Frequently asked questions
Is scarring alopecia curable?
No. But in most cases, progression can be significantly slowed down or stopped with the right therapy. Follicles that have already been destroyed are permanently lost. Early diagnosis is therefore crucial.
How do I distinguish scarring from normal alopecia?
Scarring alopecias show smooth, pale skin patches without visible follicular openings—often with perifollicular redness at the edges. Normal hair loss (androgenetic) leaves the follicular openings visible. Only trichoscopy and biopsy provide certainty.
What is FFA?
Frontal fibrosing alopecia—a variant of lichen planopilaris affecting the frontal hairline. Band-like recession of the hairline, often combined with eyebrow loss. Most commonly affects postmenopausal women.

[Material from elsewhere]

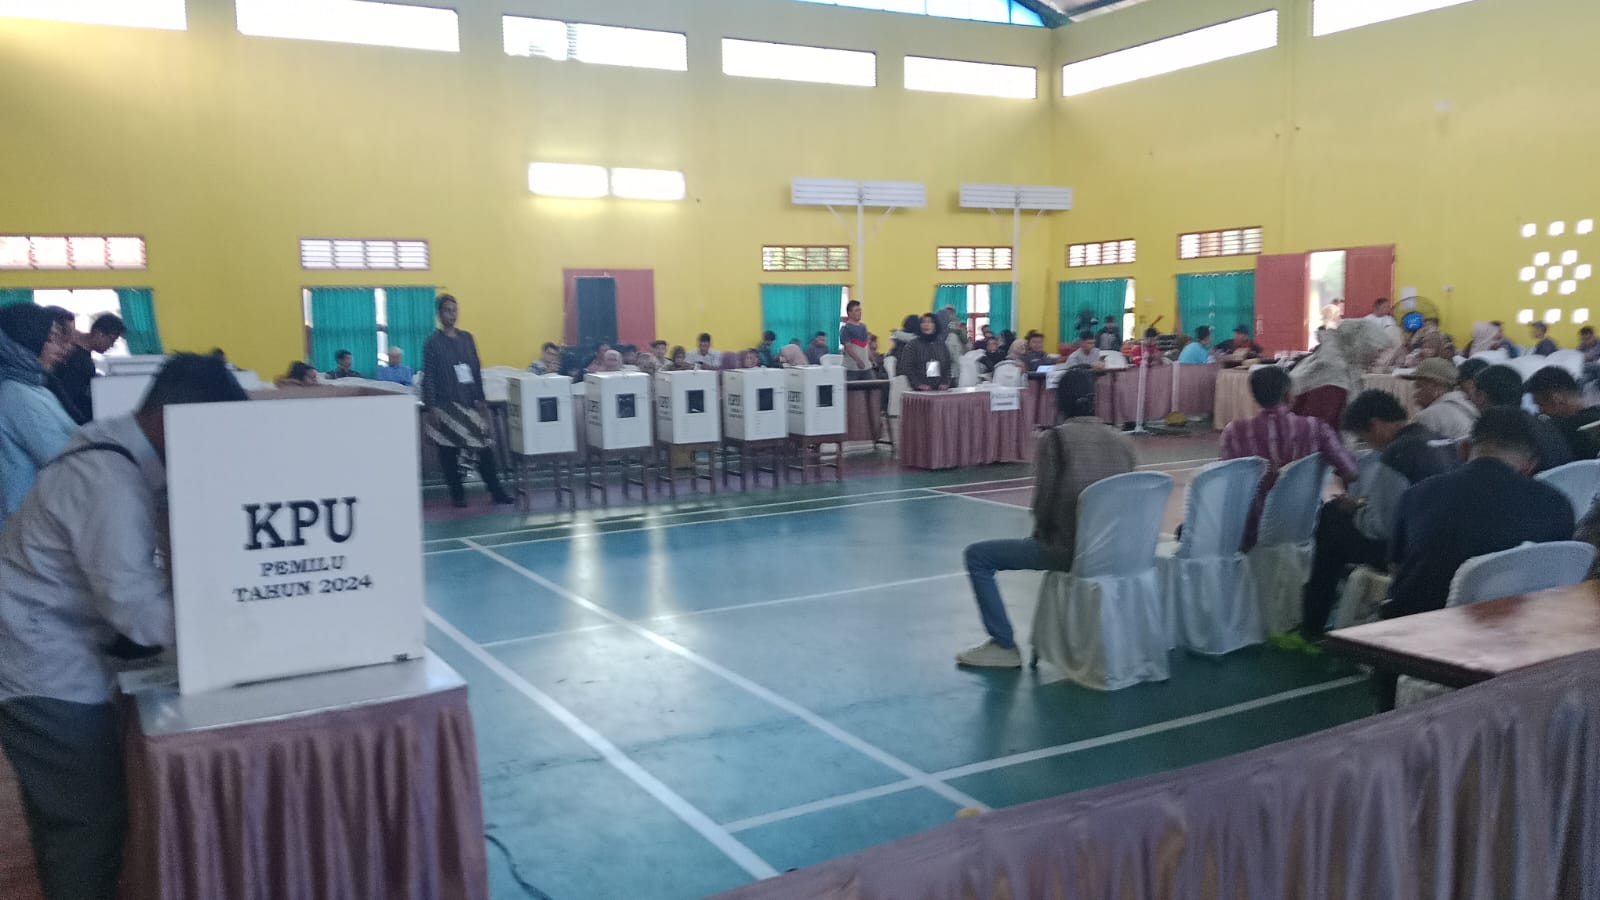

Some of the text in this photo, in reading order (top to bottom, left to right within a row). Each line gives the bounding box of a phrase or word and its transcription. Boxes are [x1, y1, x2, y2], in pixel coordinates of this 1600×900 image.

[242, 496, 357, 550] KPU
[261, 556, 345, 576] PEMILU
[232, 574, 372, 602] TAHUN 2024

Can I still get a hair transplant with FFA?
Yes—but only after at least 12–24 months of a stable phase without further progression. Prerequisite: active inflammation must be completely controlled. Thorough risk education before any operation.
Who treats scarring alopecias?
Dermatologists specializing in hair. As a specialized dermatological practice, we are equipped for this. In very severe cases, co-treatment with rheumatology or endocrinology.
Will the disease continue to progress?
Untreated, almost always. With correct therapy, progression can be effectively stopped in 70–90% of cases. Sometimes the disease stabilizes on its own after a few years—but this is not predictable.